Conversion, submission, or protected subordination became recognized outcomes within this structure.
Such concepts were historically normal in medieval civilizations. The problem arises when pre-modern expansionist frameworks encounter societies founded on equal citizenship independent of belief.
Pluralistic civilization rejects permanent hierarchy between believer and non-believer under law.
Classical political Islam does not naturally begin there.
The Problem of Secularism
Secularism is often misunderstood as hostility toward religion. In reality, it functions as a peace treaty between competing truth claims.
It prevents any single doctrine from monopolizing political power.
For systems whose legitimacy depends upon divine governance, however, secularism appears not neutral but threatening. Removing sacred authority from law effectively limits religion’s public sovereignty.
This explains why debates surrounding blasphemy, apostasy, religious criticism, and speech repeatedly become flashpoints wherever strong religious political claims meet liberal norms.
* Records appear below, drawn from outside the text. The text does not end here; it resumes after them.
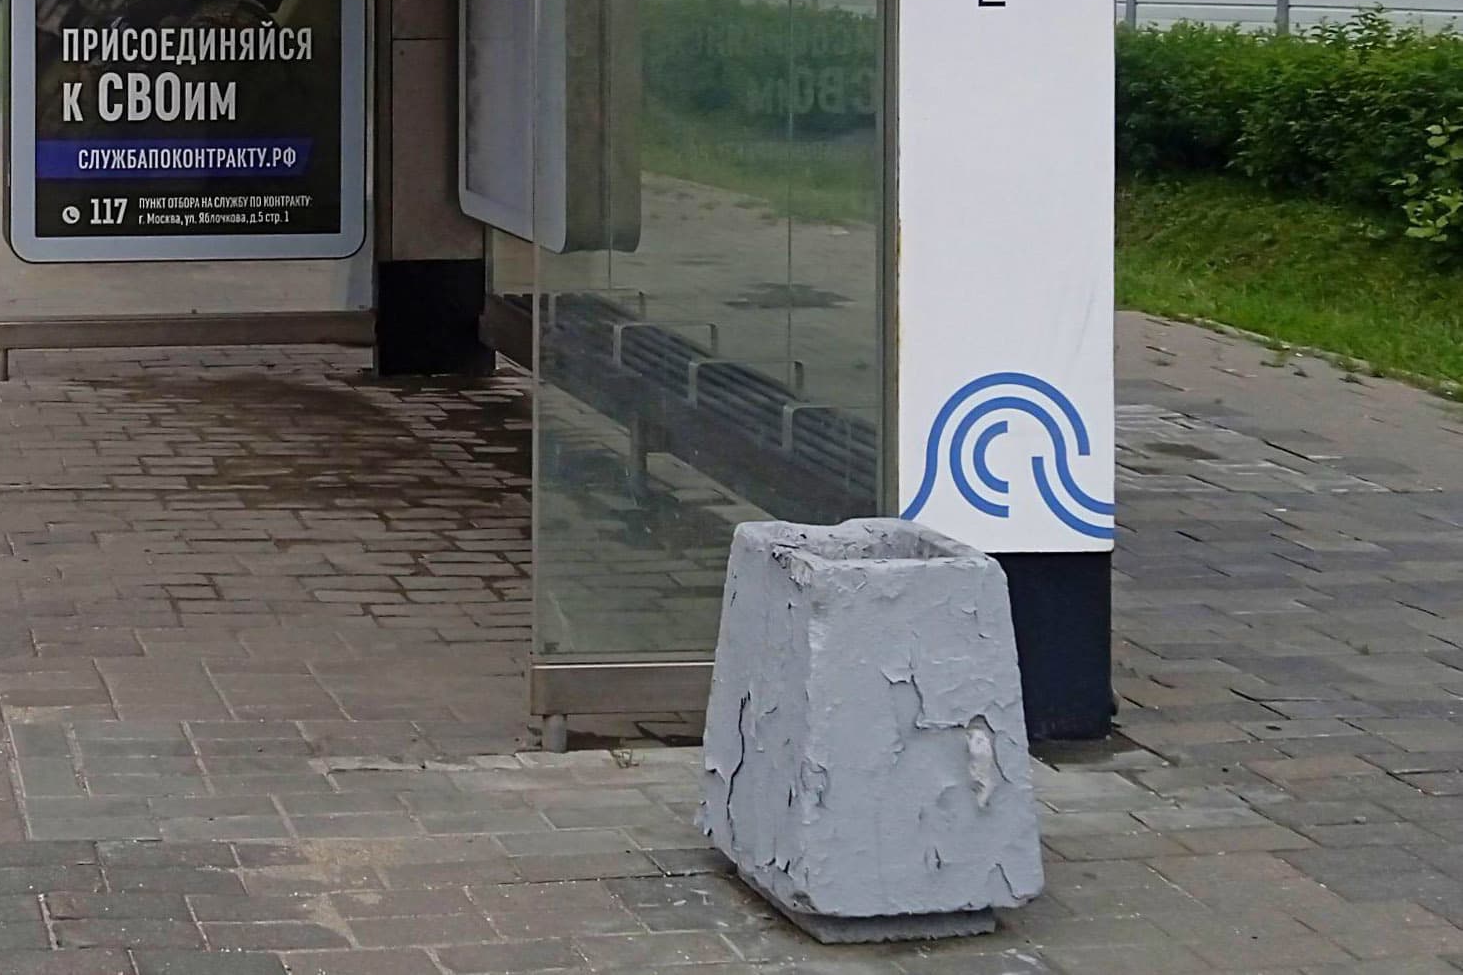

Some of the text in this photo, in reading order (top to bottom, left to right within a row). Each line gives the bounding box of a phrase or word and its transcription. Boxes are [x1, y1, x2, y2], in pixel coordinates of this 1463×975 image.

[62, 21, 312, 65] ПРИСОЕДИНЯЙСЯ
[98, 71, 237, 123] СВОим
[78, 147, 297, 170] СЛУЖБАПОКОНТРАКТУ.РФ
[90, 197, 128, 225] 117
[139, 197, 166, 210] ПУНКТ
[167, 197, 200, 209] ОТБОРА
[201, 196, 213, 208] НА
[214, 196, 248, 208] СЛУЖБУ
[250, 196, 262, 208] ПО
[147, 213, 184, 226] Москва,
[184, 215, 197, 227] ул.
[265, 213, 283, 225] стр.
[284, 210, 290, 222] 1
The conflict is philosophical before it is social.
Adaptation — or Containment?
Many Muslims today live peacefully within liberal societies, interpreting Islam primarily as spiritual practice rather than political program. This reality demonstrates human adaptability rather than doctrinal disappearance.
But adaptation often occurs through quiet reinterpretation rather than explicit theological resolution.
The unresolved question remains:
Is coexistence achieved because Islamic doctrine fully aligns with liberal principles — or because believers selectively bracket its political dimensions?
Every major religion has faced this crossroads. Christianity underwent centuries of internal struggle before abandoning claims to political supremacy.
Islam is now experiencing its own unresolved negotiation between revelation and modernity.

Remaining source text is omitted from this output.